*YOUR ASSIGNMENT:* From the first line to the last, restate the material word for word; pictures stay out.
Start of MATERIAL FOR THIS EXERCISE
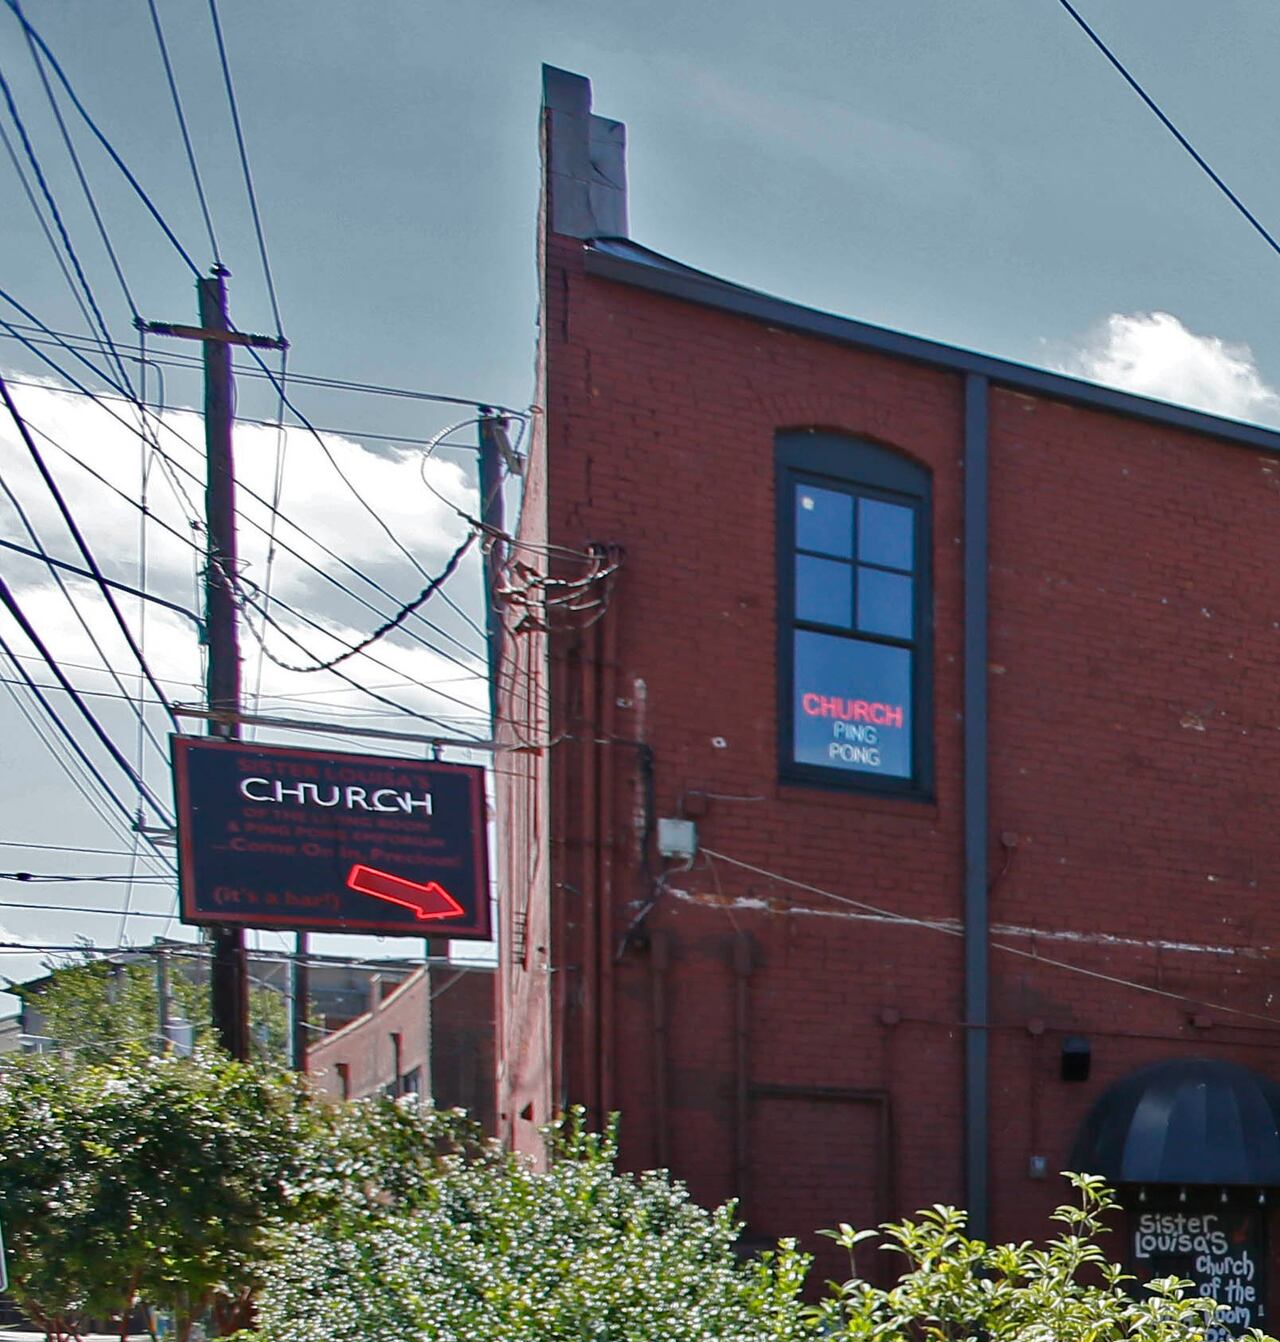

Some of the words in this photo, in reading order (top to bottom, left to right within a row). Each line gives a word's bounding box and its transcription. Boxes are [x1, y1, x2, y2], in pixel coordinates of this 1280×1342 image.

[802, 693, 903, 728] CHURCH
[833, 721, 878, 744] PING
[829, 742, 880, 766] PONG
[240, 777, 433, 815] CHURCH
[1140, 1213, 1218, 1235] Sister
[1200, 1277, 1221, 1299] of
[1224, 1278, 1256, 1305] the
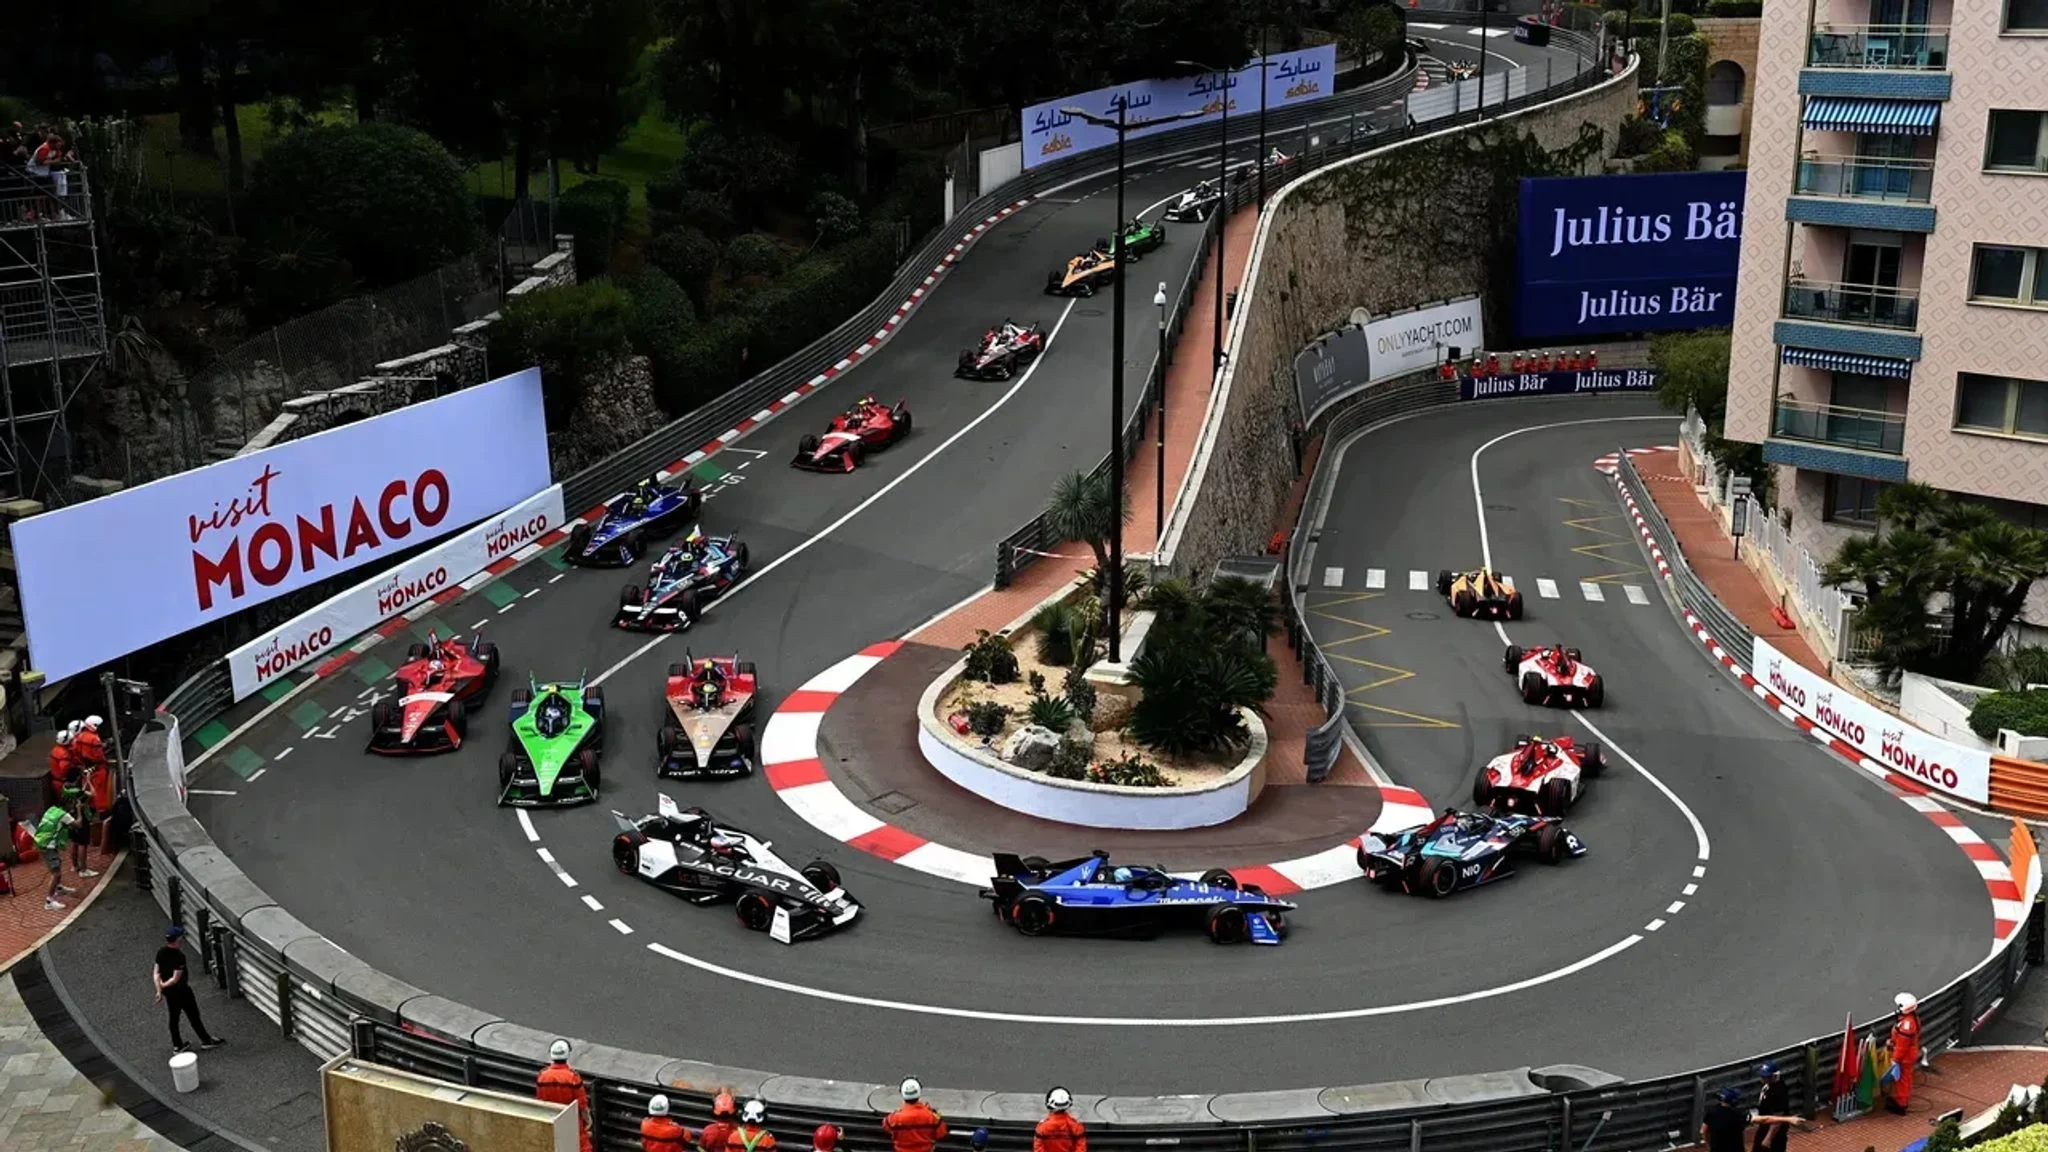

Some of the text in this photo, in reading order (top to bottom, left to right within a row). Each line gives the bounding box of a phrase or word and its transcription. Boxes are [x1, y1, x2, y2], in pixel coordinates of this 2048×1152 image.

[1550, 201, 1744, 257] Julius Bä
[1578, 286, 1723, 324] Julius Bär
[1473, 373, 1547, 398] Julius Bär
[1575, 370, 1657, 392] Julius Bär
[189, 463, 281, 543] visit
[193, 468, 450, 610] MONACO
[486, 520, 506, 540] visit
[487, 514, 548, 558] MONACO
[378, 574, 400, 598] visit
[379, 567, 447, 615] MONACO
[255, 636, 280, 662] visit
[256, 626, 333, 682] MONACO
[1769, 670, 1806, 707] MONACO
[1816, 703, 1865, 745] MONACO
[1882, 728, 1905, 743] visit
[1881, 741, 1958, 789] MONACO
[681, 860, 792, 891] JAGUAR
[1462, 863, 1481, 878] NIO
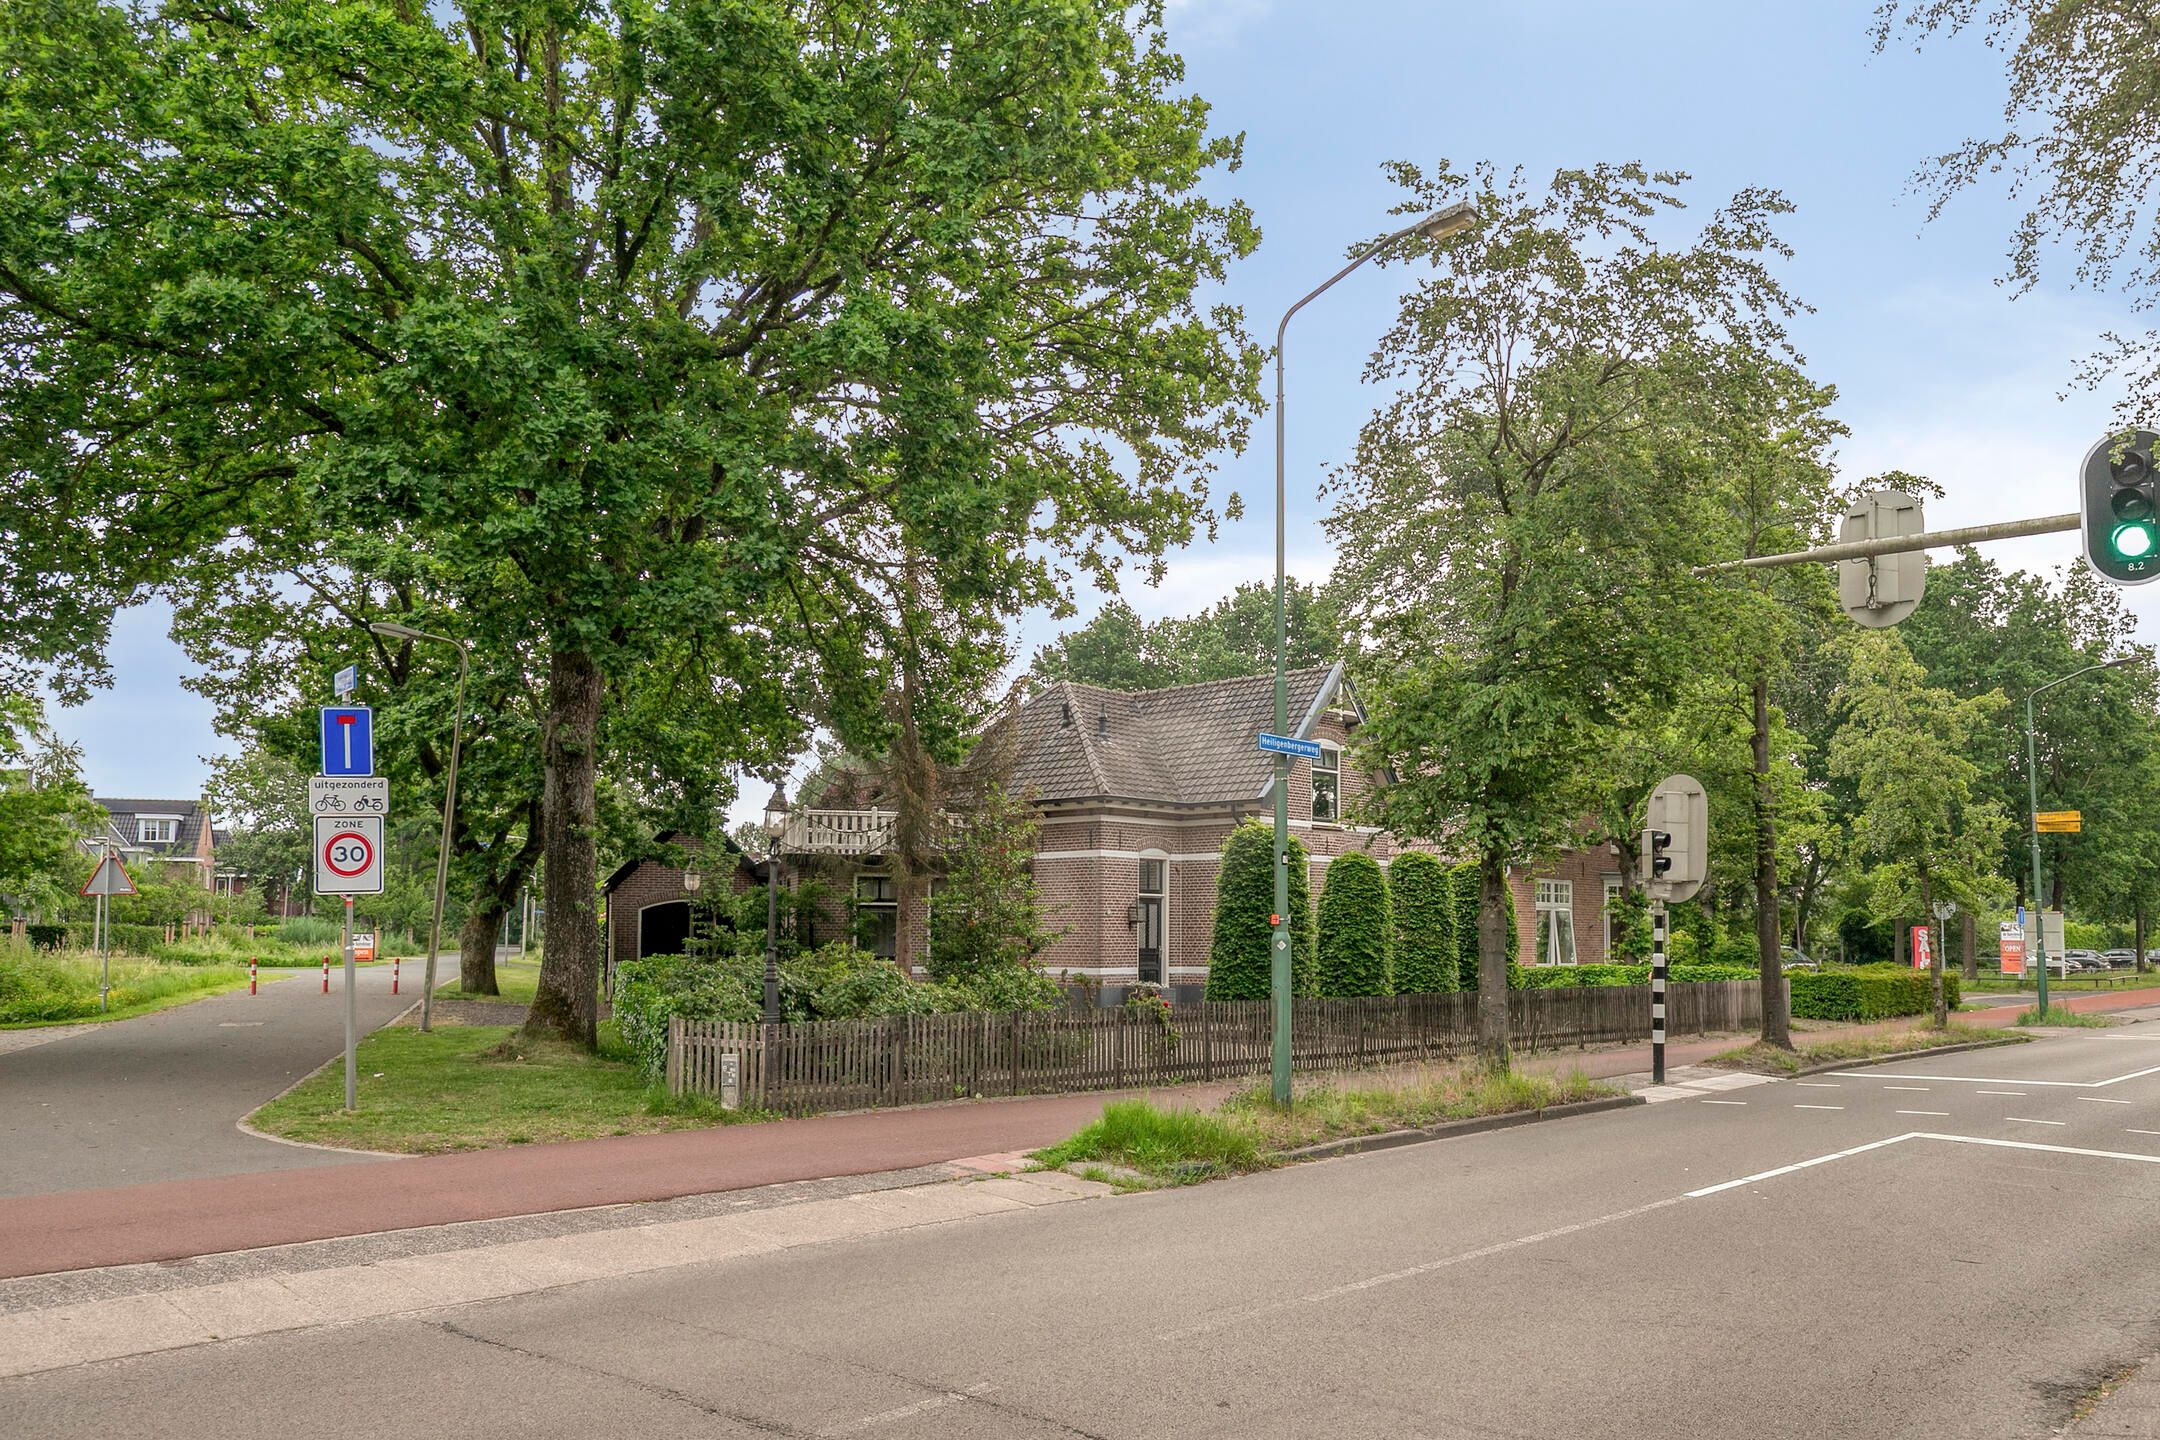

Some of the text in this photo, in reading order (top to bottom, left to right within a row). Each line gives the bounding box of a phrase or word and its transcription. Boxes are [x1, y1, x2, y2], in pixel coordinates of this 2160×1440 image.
End of MATERIAL FOR THIS EXERCISE
*TASK SOLUTION:*
Some of the words in this photo, in reading order (top to bottom, left to right within a row). Each line gives a word's bounding box and its transcription. Boxes are [x1, y1, x2, y2], in pixel coordinates of this 1280×1342 image.

[802, 693, 903, 728] CHURCH
[833, 721, 878, 744] PING
[829, 742, 880, 766] PONG
[240, 777, 433, 815] CHURCH
[1140, 1213, 1218, 1235] Sister
[1200, 1277, 1221, 1299] of
[1224, 1278, 1256, 1305] the

Some of the text in this photo, in reading order (top to bottom, left to right within a row). Each line gives the bounding box of a phrase or word and its transcription. Boxes are [x1, y1, x2, y2], in pixel coordinates of this 2048×1152 image.

[1550, 201, 1744, 257] Julius Bä
[1578, 286, 1723, 324] Julius Bär
[1473, 373, 1547, 398] Julius Bär
[1575, 370, 1657, 392] Julius Bär
[189, 463, 281, 543] visit
[193, 468, 450, 610] MONACO
[486, 520, 506, 540] visit
[487, 514, 548, 558] MONACO
[378, 574, 400, 598] visit
[379, 567, 447, 615] MONACO
[255, 636, 280, 662] visit
[256, 626, 333, 682] MONACO
[1769, 670, 1806, 707] MONACO
[1816, 703, 1865, 745] MONACO
[1882, 728, 1905, 743] visit
[1881, 741, 1958, 789] MONACO
[681, 860, 792, 891] JAGUAR
[1462, 863, 1481, 878] NIO

Some of the text in this photo, in reading order (top to bottom, left to right within a row). Each line gives the bounding box of a phrase or word and its transcription. Boxes are [x1, y1, x2, y2], in pixel coordinates of this 2160×1440 image.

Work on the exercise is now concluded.